[Spatial localization data]
++++

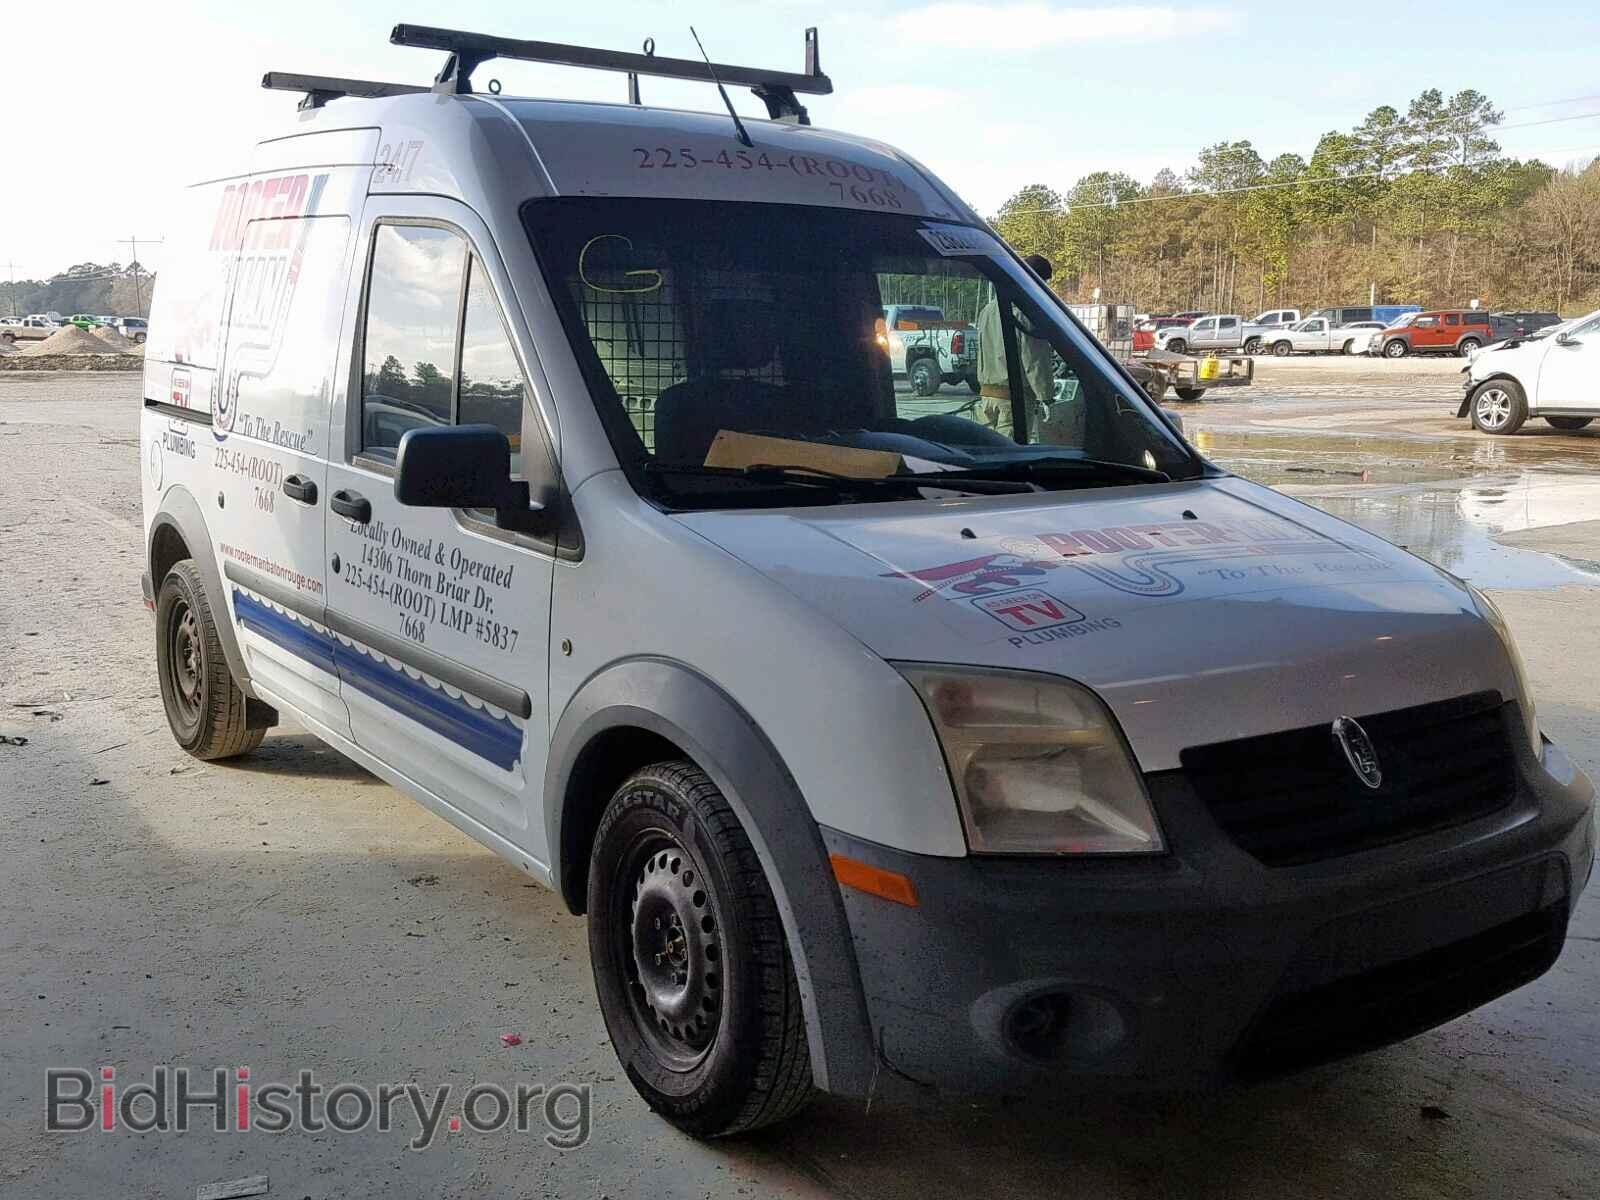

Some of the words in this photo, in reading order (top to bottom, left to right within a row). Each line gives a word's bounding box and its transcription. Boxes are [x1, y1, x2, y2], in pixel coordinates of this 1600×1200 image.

[633, 148, 906, 193] 225-454-(ROOT)
[829, 181, 902, 209] 7668
[256, 416, 271, 441] The
[163, 431, 196, 459] PLUMBING
[214, 447, 284, 490] 225-454-(ROOT)
[255, 486, 275, 513] 7668
[351, 521, 388, 546] Locally
[391, 527, 432, 561] Owned
[435, 542, 446, 566] &
[450, 547, 514, 590] Operated
[361, 544, 393, 575] 14306
[397, 556, 432, 590] Thorn
[436, 571, 470, 603] Briar
[473, 586, 494, 615] Dr.
[344, 563, 436, 624] 225-454-(ROOT)
[440, 602, 473, 634] LMP
[476, 616, 520, 653] #5837
[994, 599, 1066, 626] TV
[399, 612, 426, 643] 7668
[1008, 616, 1121, 649] PLUMBING

++++

• **What you will do**
Each of the records above needs to be transcribed exactly, apart from its pictures.

• **Answer box**
Some of the words in this photo, in reading order (top to bottom, left to right within a row). Each line gives a word's bounding box and its transcription. Boxes are [x1, y1, x2, y2], in pixel coordinates of this 1600×1200 image.

[633, 148, 906, 193] 225-454-(ROOT)
[829, 181, 902, 209] 7668
[256, 416, 271, 441] The
[163, 431, 196, 459] PLUMBING
[214, 447, 284, 490] 225-454-(ROOT)
[255, 486, 275, 513] 7668
[351, 521, 388, 546] Locally
[391, 527, 432, 561] Owned
[435, 542, 446, 566] &
[450, 547, 514, 590] Operated
[361, 544, 393, 575] 14306
[397, 556, 432, 590] Thorn
[436, 571, 470, 603] Briar
[473, 586, 494, 615] Dr.
[344, 563, 436, 624] 225-454-(ROOT)
[440, 602, 473, 634] LMP
[476, 616, 520, 653] #5837
[994, 599, 1066, 626] TV
[399, 612, 426, 643] 7668
[1008, 616, 1121, 649] PLUMBING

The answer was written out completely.